= TASK PROMPT =
Set each record down exactly, excluding all images.

= MATERIAL FOR THIS TASK =

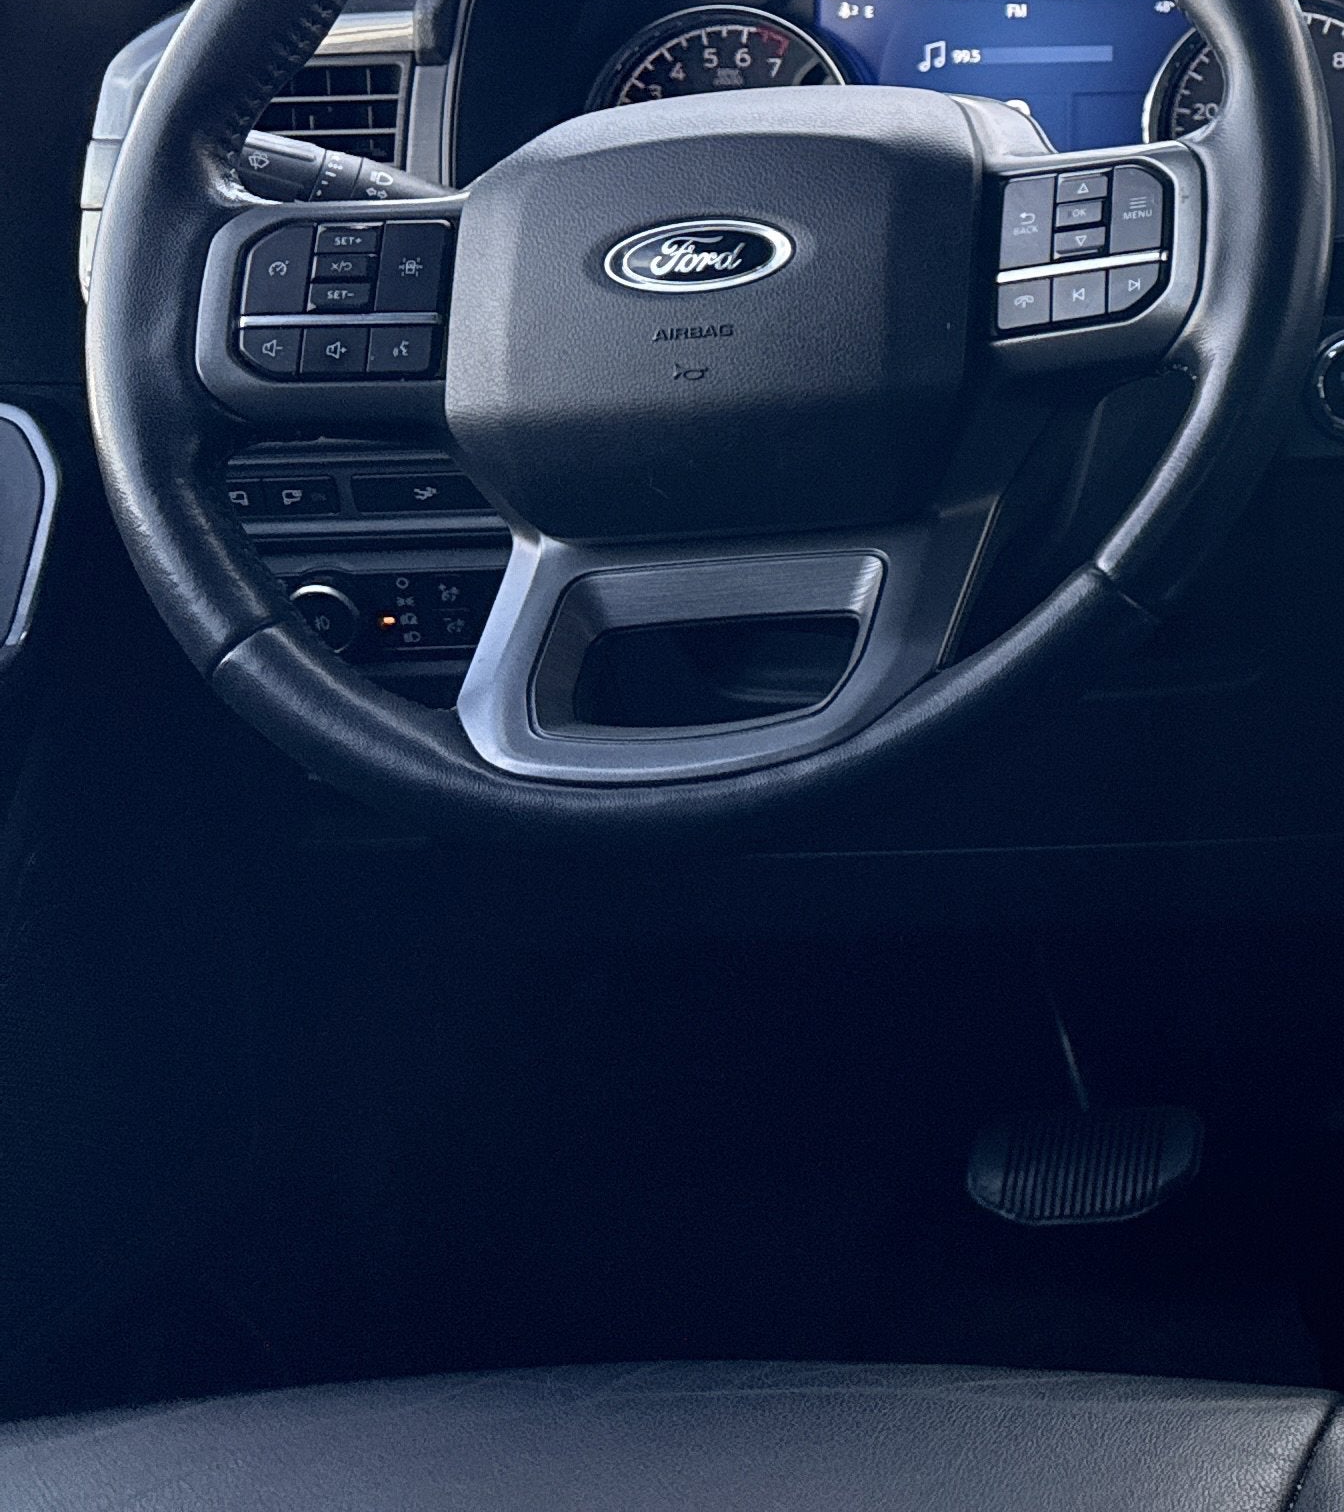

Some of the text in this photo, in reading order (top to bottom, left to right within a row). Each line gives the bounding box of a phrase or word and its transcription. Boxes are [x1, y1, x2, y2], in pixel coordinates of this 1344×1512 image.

[1005, 3, 1027, 19] FM
[703, 48, 719, 68] 5
[735, 48, 751, 67] 6
[669, 62, 687, 81] 4
[767, 58, 783, 78] 7
[1193, 103, 1219, 121] 20
[1072, 208, 1087, 218] OK
[1123, 209, 1153, 220] MENU
[1013, 225, 1039, 236] BACK
[650, 235, 747, 276] Ford
[652, 324, 735, 342] AIRBAG
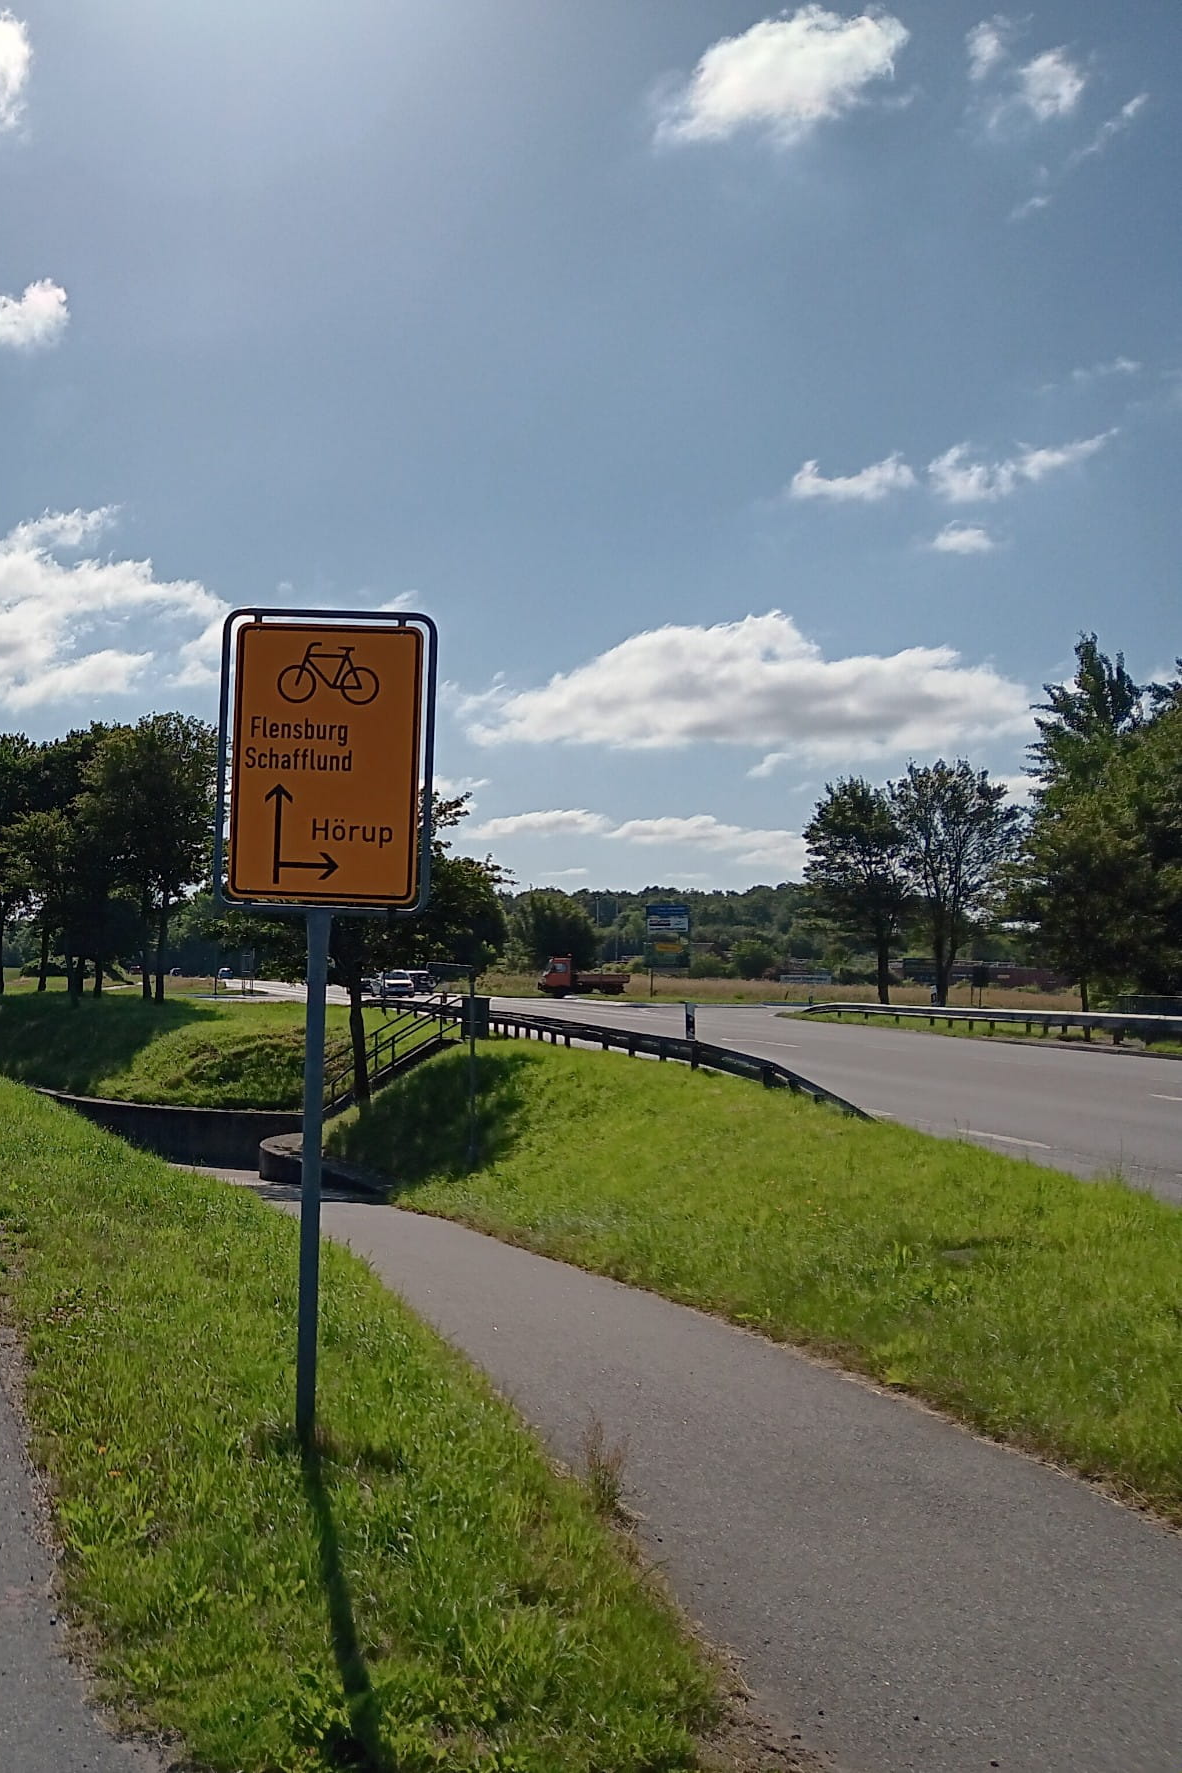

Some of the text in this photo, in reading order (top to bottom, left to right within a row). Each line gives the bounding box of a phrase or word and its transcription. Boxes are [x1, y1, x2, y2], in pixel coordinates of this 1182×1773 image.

[250, 716, 348, 746] Flensburg
[245, 747, 353, 772] Schafflund
[312, 818, 393, 848] Hörup

= REPLY =
Some of the text in this photo, in reading order (top to bottom, left to right within a row). Each line gives the bounding box of a phrase or word and its transcription. Boxes are [x1, y1, x2, y2], in pixel coordinates of this 1344×1512 image.

[1005, 3, 1027, 19] FM
[703, 48, 719, 68] 5
[735, 48, 751, 67] 6
[669, 62, 687, 81] 4
[767, 58, 783, 78] 7
[1193, 103, 1219, 121] 20
[1072, 208, 1087, 218] OK
[1123, 209, 1153, 220] MENU
[1013, 225, 1039, 236] BACK
[650, 235, 747, 276] Ford
[652, 324, 735, 342] AIRBAG

Some of the text in this photo, in reading order (top to bottom, left to right within a row). Each line gives the bounding box of a phrase or word and its transcription. Boxes are [x1, y1, x2, y2], in pixel coordinates of this 1182×1773 image.

[250, 716, 348, 746] Flensburg
[245, 747, 353, 772] Schafflund
[312, 818, 393, 848] Hörup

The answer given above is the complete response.